За ухой, до слез перченной, сочиненной в котелке, спирт, разбавленный Печорой, пили мы на катерке. Катерок плясал по волнам без гармошки трепака и о льды на самом полном обдирал себе бока. И плясали мысли наши, как стаканы на столе, то о Даше, то о Маше, то о каше на земле. Я был вроде и не пьяный, ничего не упускал. Как олень под снегом ягель, под словами суть искал. Но в разброде гомонившем не добрался я до дна, ибо суть и говорившем не совсем была ясна.
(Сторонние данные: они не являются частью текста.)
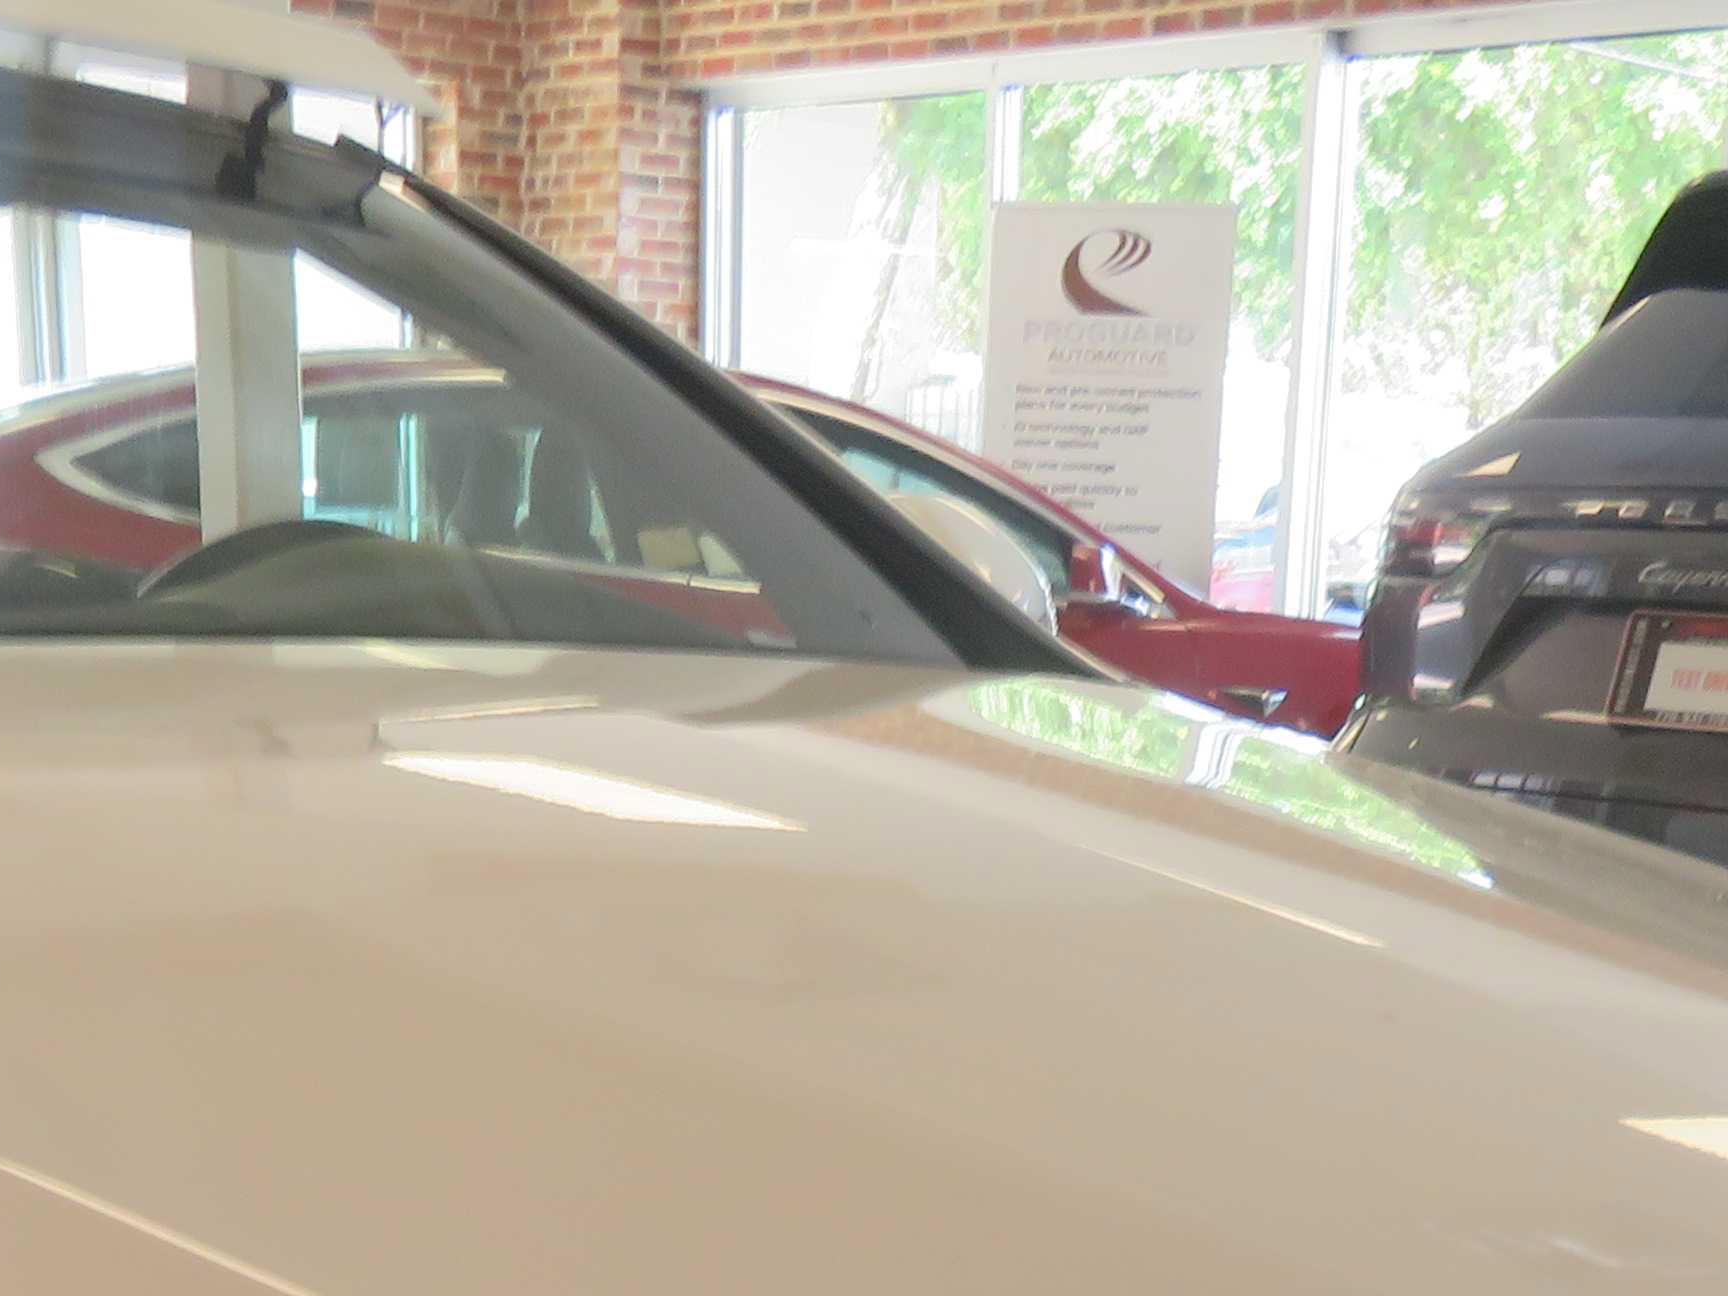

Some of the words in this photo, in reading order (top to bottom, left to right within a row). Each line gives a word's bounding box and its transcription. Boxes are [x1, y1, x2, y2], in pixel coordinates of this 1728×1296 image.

[1022, 319, 1200, 347] PROGUARD
[1047, 347, 1168, 366] AUTOMOTIVE
[1061, 462, 1116, 474] coverage
Люди все куда-то плыли по работе, по судьбе. Люди пили. Люди были неясны самим себе. Оглядел я, вздрогнув, кубрик: понимает ли рыбак, тот, что мрачно пьет и курит, отчего он мрачен так? Понимает ли завскладом, продовольственный колосс, что он спрашивает взглядом из-под слипшихся волос? Понимает ли, сжимая локоть мой, товаровед,— что он выяснить желает? Понимает или нет? Кулаком старпом грохочет. Шерсть дымится на груди. Ну, а что сказать он хочет — разбери его поди. Все кричат: предсельсовета, из рыбкопа чей-то зам. Каждый требует ответа, а на что — не знает сам. Ах ты, матушка — Россия, что ты делаешь со мной? То ли все вокруг смурные? То ли я один смурной! Я — из кубрика на волю, но, суденышко креня, вопрошаюшие волны навалились на меня. Вопрошали что-то искры из трубы у катерка, вопрошали ивы, избы, птицы, звери, облака. Я прийти в себя пытался, и под крики птичьих стай я по палубе метался, как по льдине горностай. А потом увидел ненца. Он, как будто на холме, восседал надменно, немо, словно вечность, на корме. Тучи шли над ним, нависнув, ветер бил в лицо, свистя, ну, а он молчал недвижно — тундры мудрое дитя. Я застыл, воображая — вот кто знает все про нас. Но вгляделся — вопрошали щелки узенькие глаз. «Неужели,— как в тумане крикнул я сквозь рев и гик,— все себя не понимают, и тем более — других?» Мои щеки повлажнели. Вихорь брызг меня шатал. «Неужели? Неужели? Неужели?» — я шептал. «Может быть, я мыслю грубо? Может быть, я слеп и глух? Может, все не так уж глупо — просто сам я мал и глуп?» Катерок то погружался, то взлетал, седым-седой. Грудью к тросам я прижался, наклонился над водой. «Ты ответь мне, колдовская, голубая глубота, отчего во мне такая горевая глупота? Езжу, плаваю, летаю, все куда-то тороплюсь, книжки умные читаю, а умней не становлюсь. Может, поиски, метанья — не причина тосковать? Может, смысл существованья в том, чтоб смысл его искать?» Ждал я, ждал я в криках чаек, но ревела у борта, ничего не отвечая, голубая глубота.